In Atlanta, where student demonstrators still were trying to match the lunch counter victories attained in Nashville the previous year, continuing sit-ins and boycotts caused the white owners of thirteen corporations to close more than seventy of their downtown
stores for three months, through February 1961. With business paralyzed and all employees, including some five hundred Negroes, laid off, pressure for settlement built on both sides. Mayor Hartsfield, still feeling injured politically by his inability to broker an agreement after the fall elections, stepped aside when white businessmen agreed to negotiate directly with Negro leaders. In the opening round, Chamber of Commerce president Ivan Allen, Jr., received A. T. Walden, an elderly lawyer and dean of the Auburn Avenue business fraternity, at his office supply company. Walden was a fixture of the old guard, known by honorary titles such as “Colonel” and “Judge.” There was a sticky moment when Walden asked to be shown to a bathroom. Allen hesitated briefly. He knew he could not ask a man of Walden’s rank to use the unkempt separate restroom for Negroes, but he also knew that his white employees would rebel if he allowed Walden to use the restroom reserved for them. Allen, quick-witted and instinctively gracious, invited Walden to use his own private bathroom.

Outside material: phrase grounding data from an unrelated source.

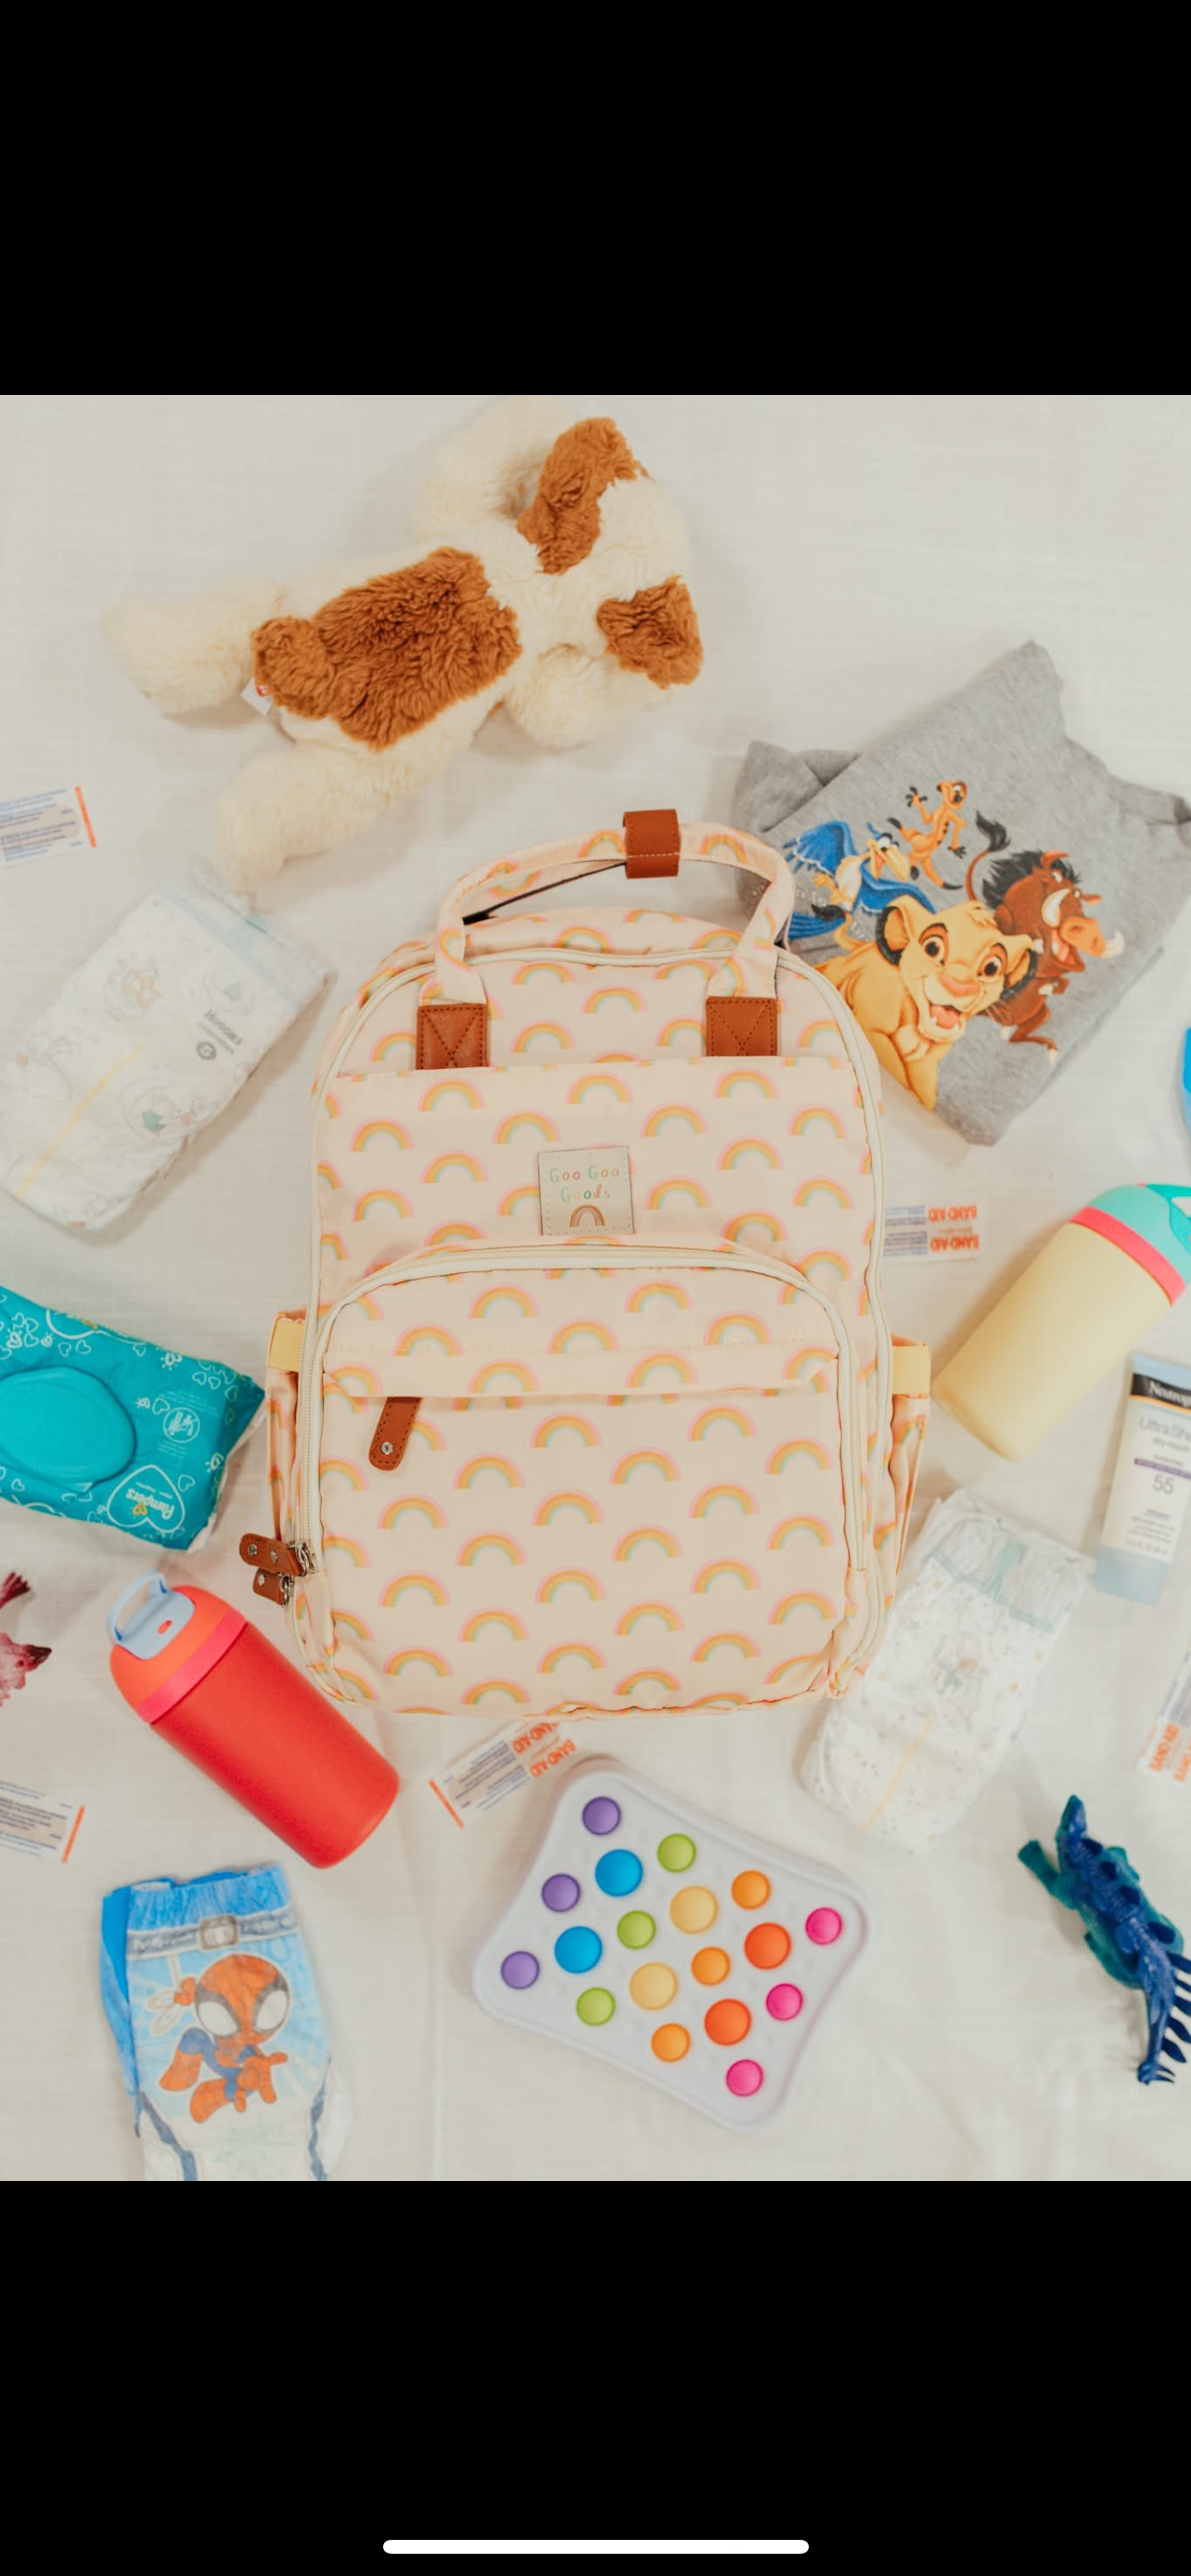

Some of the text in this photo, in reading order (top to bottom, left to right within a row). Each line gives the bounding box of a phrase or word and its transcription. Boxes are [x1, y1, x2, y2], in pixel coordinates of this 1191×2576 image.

[548, 1164, 620, 1183] Goo Goo
[560, 1183, 611, 1204] Goods
[929, 1233, 979, 1252] BAND-AID
[1152, 1473, 1174, 1495] 55
[125, 1487, 174, 1520] Pampers
[530, 1739, 577, 1778] BAND-AID
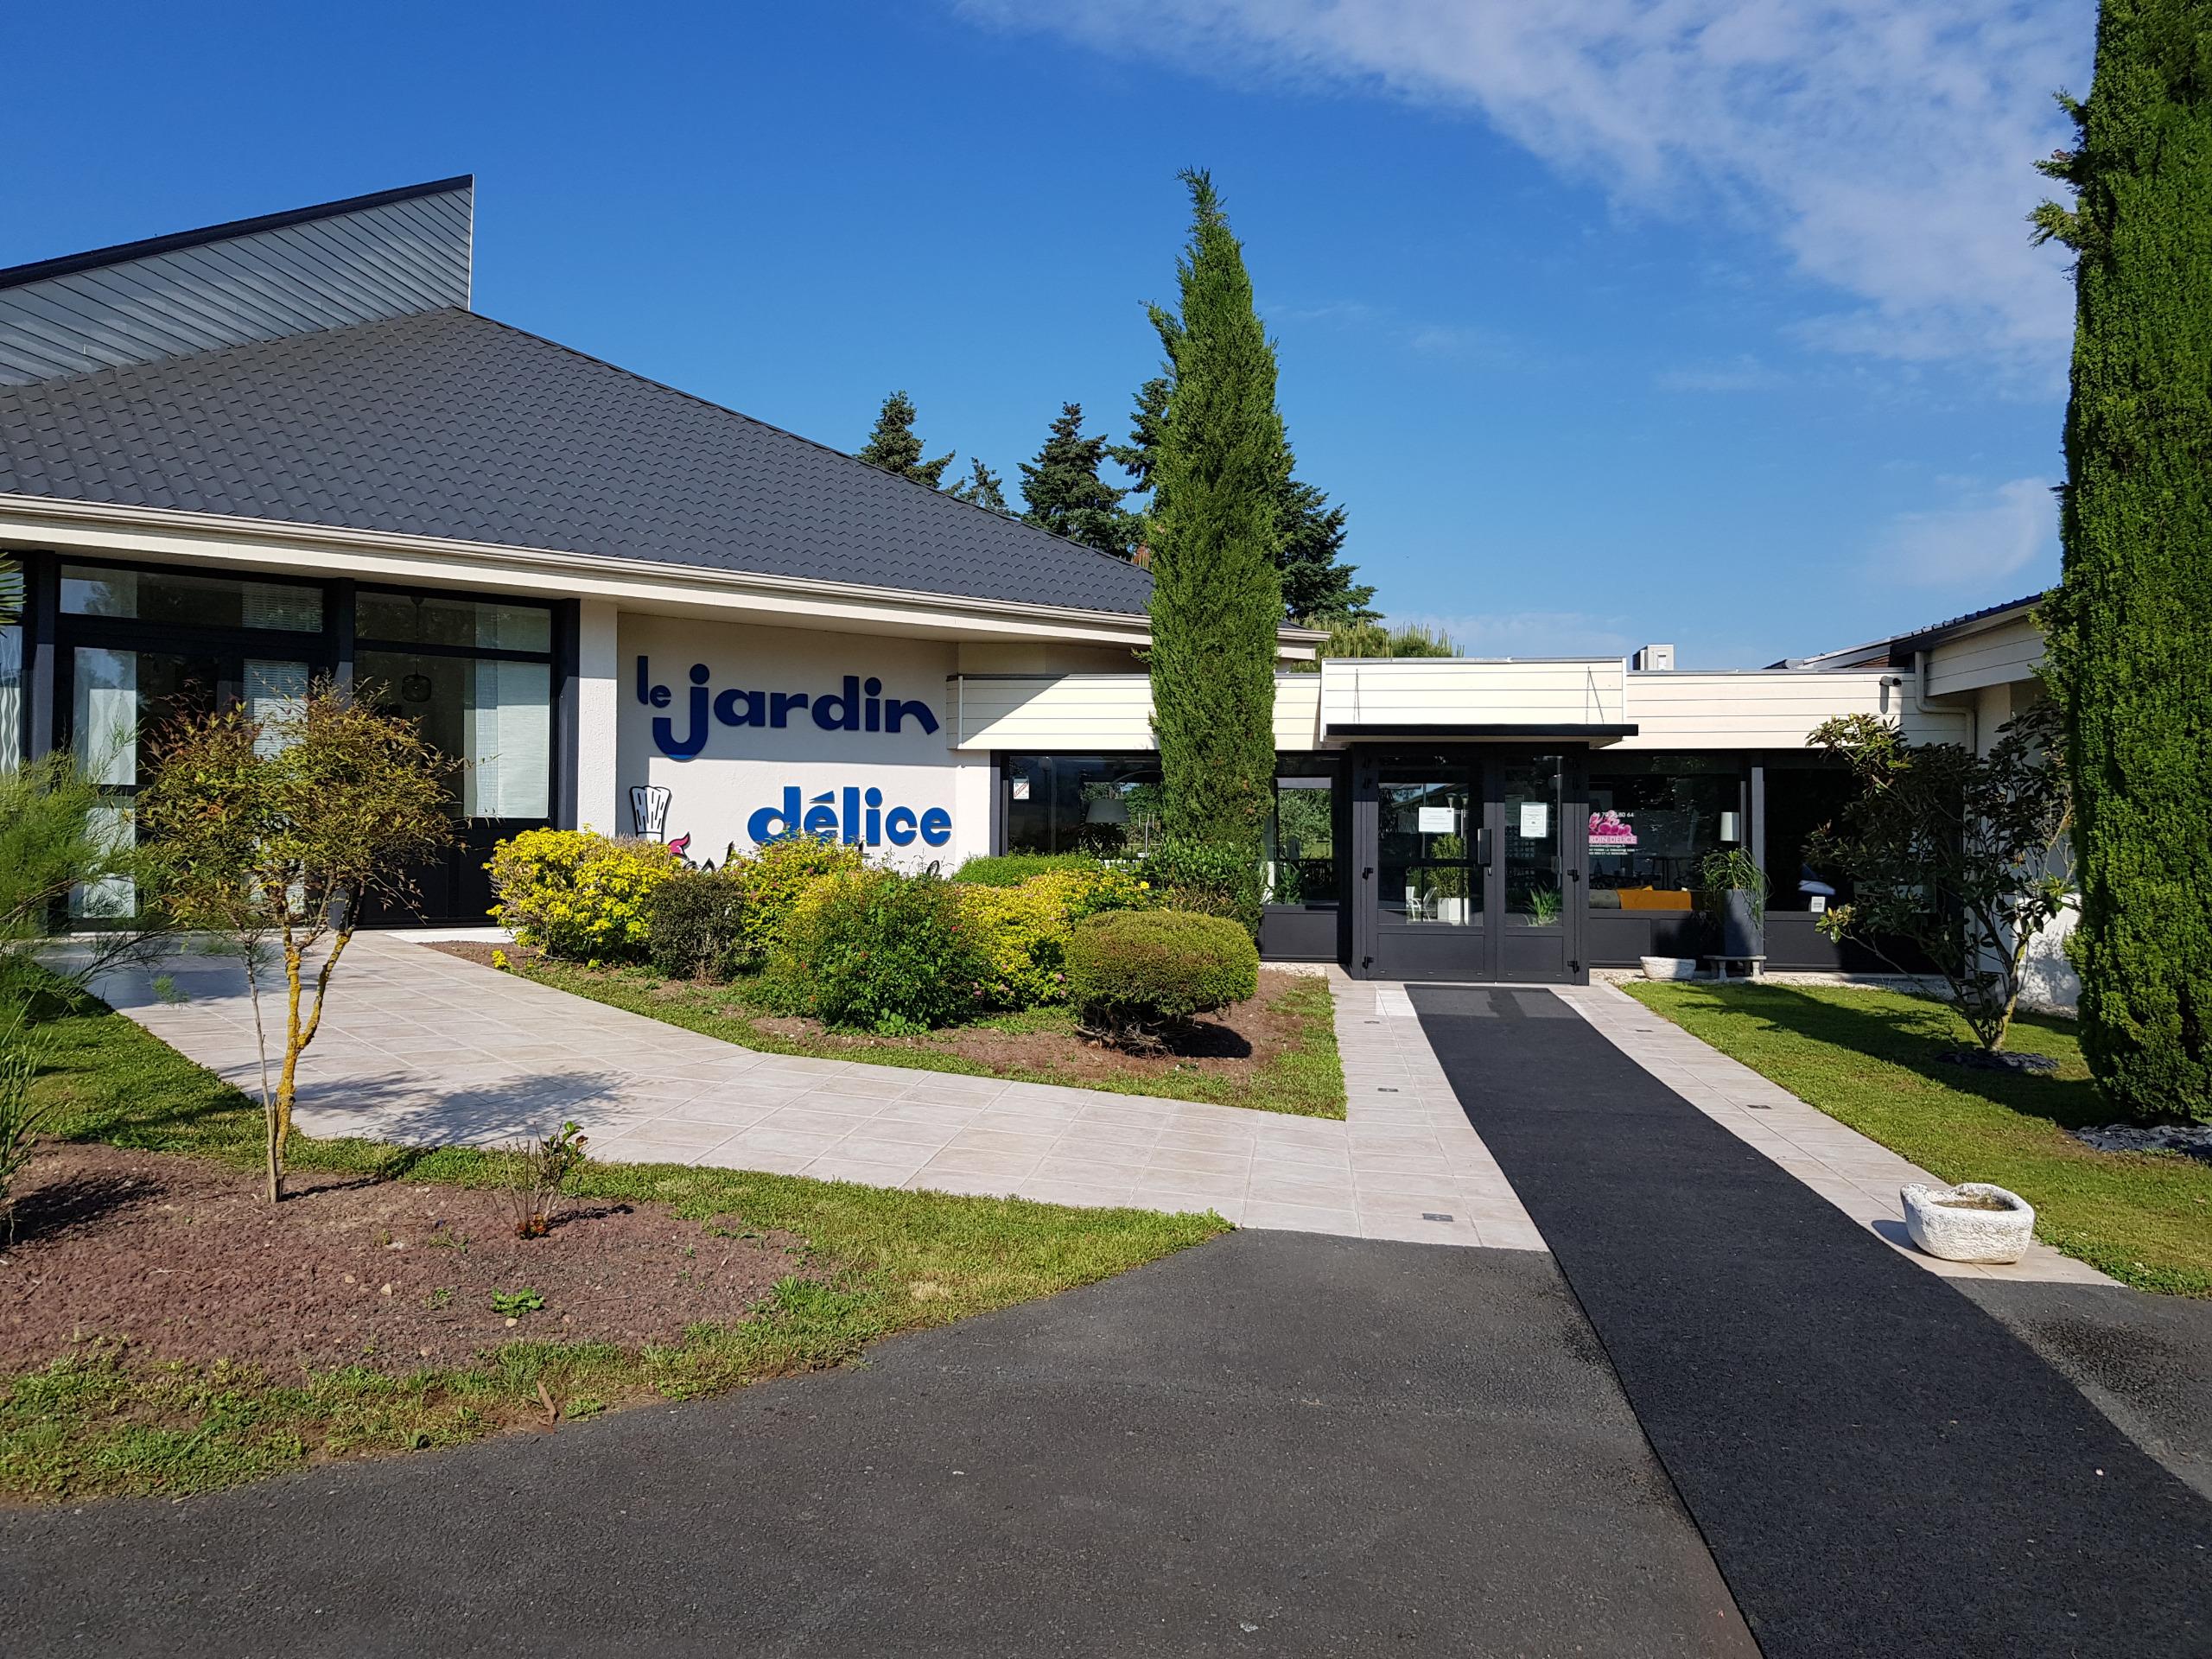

Many of the students maintaining the boycott against segregated stores might have taken the bathroom episode as an allegory of Negro leadership in Atlanta. They believed that the entrenched old leaders like Walden had made a lifetime habit of being satisfied with executive treatment for themselves alone. The elders believed that the young people were trying to undercut them in public, and strains worsened dramatically on March 7, when terms of a proposed deal were revealed at a climactic meeting of the negotiating teams. A joint statement, released by the Atlanta Chamber of Commerce, made front pages in the North as well as the South. Carefully written to protect the signatory white merchants from charges of capitulating to the Negroes, its central premise was that “the fine relationship which has existed between the races for a long number of years in Atlanta should be reinstated in every way.” The statement concealed the obligations of the white parties in a convoluted sentence that avoided any explicit mention of integration, promising only to adopt “the same patterns…as are finally decided upon in the public school issues in Atlanta.” No such ambiguity shielded the ten Negro signatories, who pledged immediately to “eliminate all boycotts, reprisals, picketing, and sit-ins, and to bring back a condition of complete normalcy as soon as possible.”